Katherine knows that she is capable of high academic achievement. She has made the Dean's List every semester of her attendance, as well as the President's List and the National Dean's List. In addition to her major, she is carrying two minors—Business and Psychology—and has completed degrees of concentration in Security Administration, Corrections, and Law Enforcement. She is a member of FSU's Honors Program, the National Society of Collegiate Scholars, and has been inducted into four honor societies—Phi Kappa Phi, Mortar Board, Omicron Delta Kappa Leadership, and the Order of Omega Greek Leadership.
She knows that helping others improve their own lives "makes you not only appreciate what you have, but work harder to keep it." Through various animal rescue groups, she fosters animals until a loving and permanent home can be found. Through Camp Boggy Creek, she has counseled children with life-threatening diseases. Through the Student Disability Resource Center, she has served as a notetaker and tutor. Through her College, she has advised her fellow undergraduates. Through her sorority, Chi Omega, she has raised over $25,000 for the Make-a-Wish Foundation.
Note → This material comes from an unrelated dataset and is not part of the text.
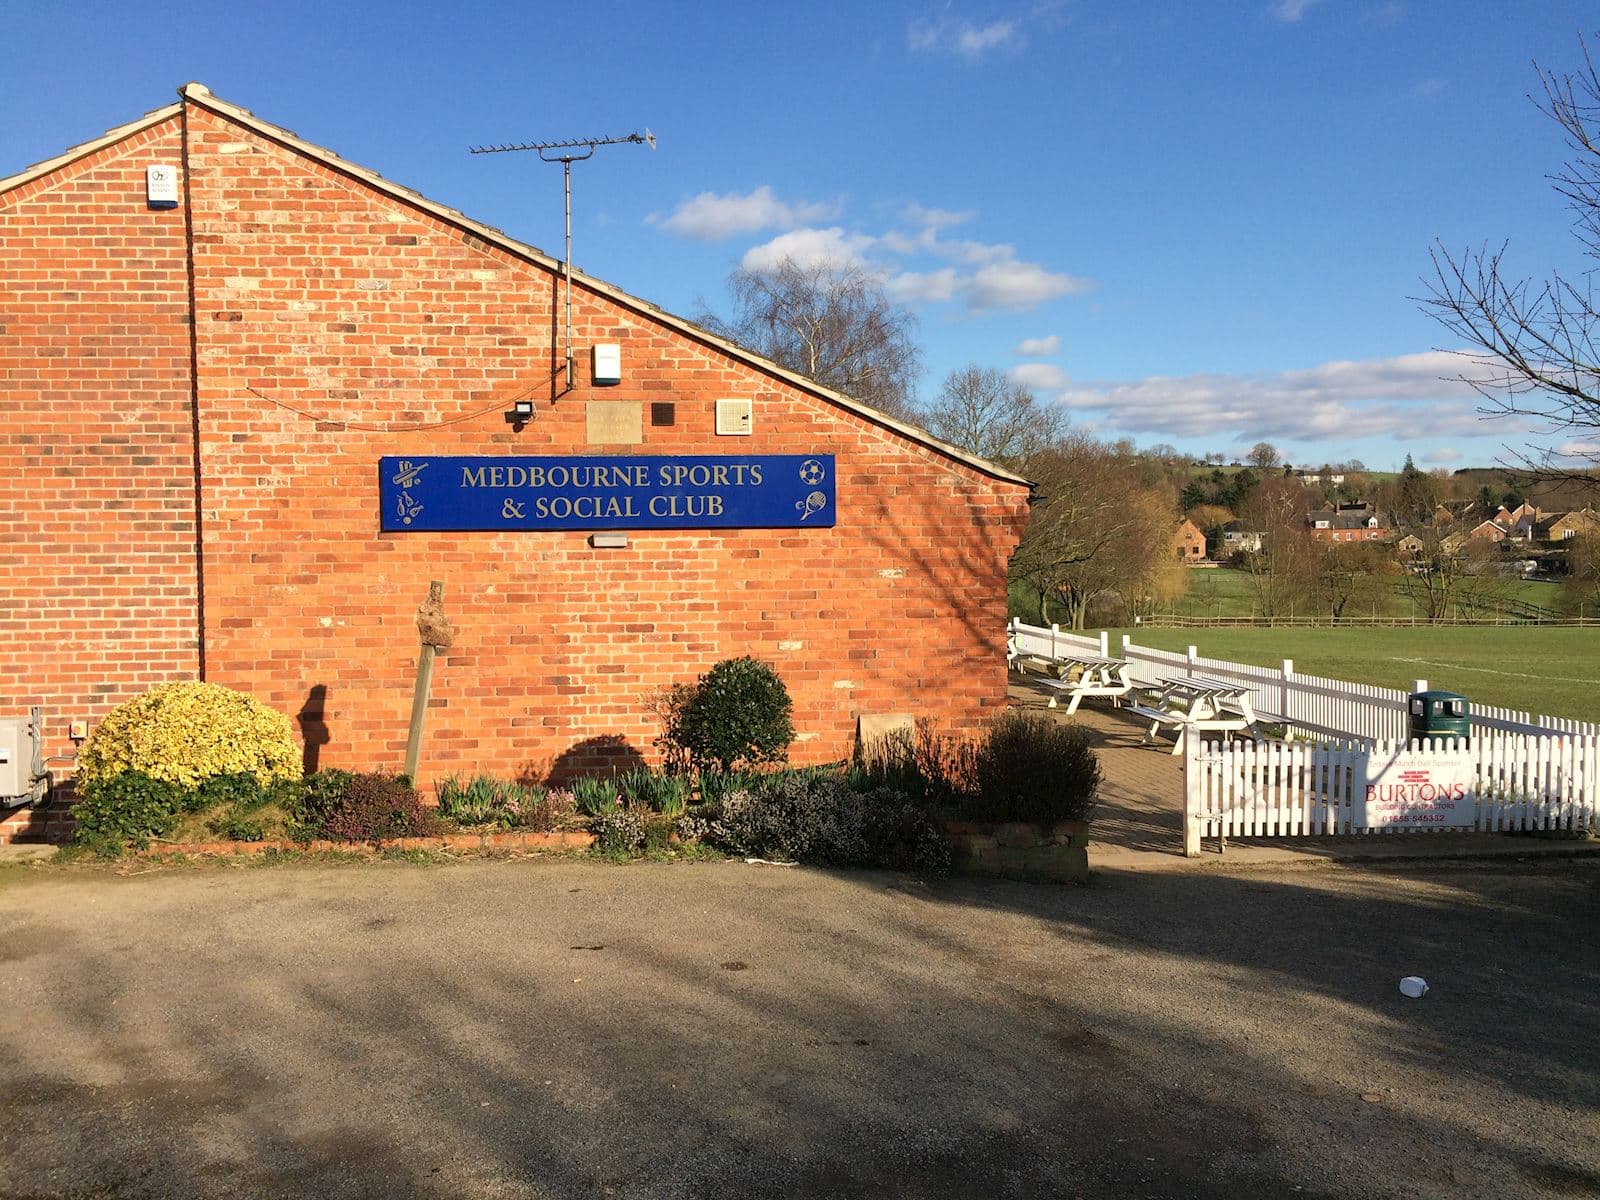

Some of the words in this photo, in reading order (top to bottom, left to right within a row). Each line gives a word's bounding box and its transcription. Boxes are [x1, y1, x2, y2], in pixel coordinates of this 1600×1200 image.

Through the Refuge House, she has co-sponsored a transitional housing unit for survivors of domestic violence.
At the Jefferson County Correctional Institution, through the ESUBA program ("abuse" spelled backward, representing its turn around), she has helped both male and female offenders understand what abuse is, its devastating effects, and how to prevent it. The experience, says Katherine, "had a great impact on me. I saw dramatic changes in the way the inmates approach situations."
She knows she wants to study law. In preparation, she has served in several capacities for the Alpha Phi Sigma Criminal Justice Honor Society and the Lambda Alpha Epsilon Criminal Justice Professional Fraternity. She recently completed an internship at the Federal Correctional Institution, and is currently interning at the Criminal Appeals and Victim Advocacy section of the Attorney General.
Katherine has learned the interconnectedness of all things.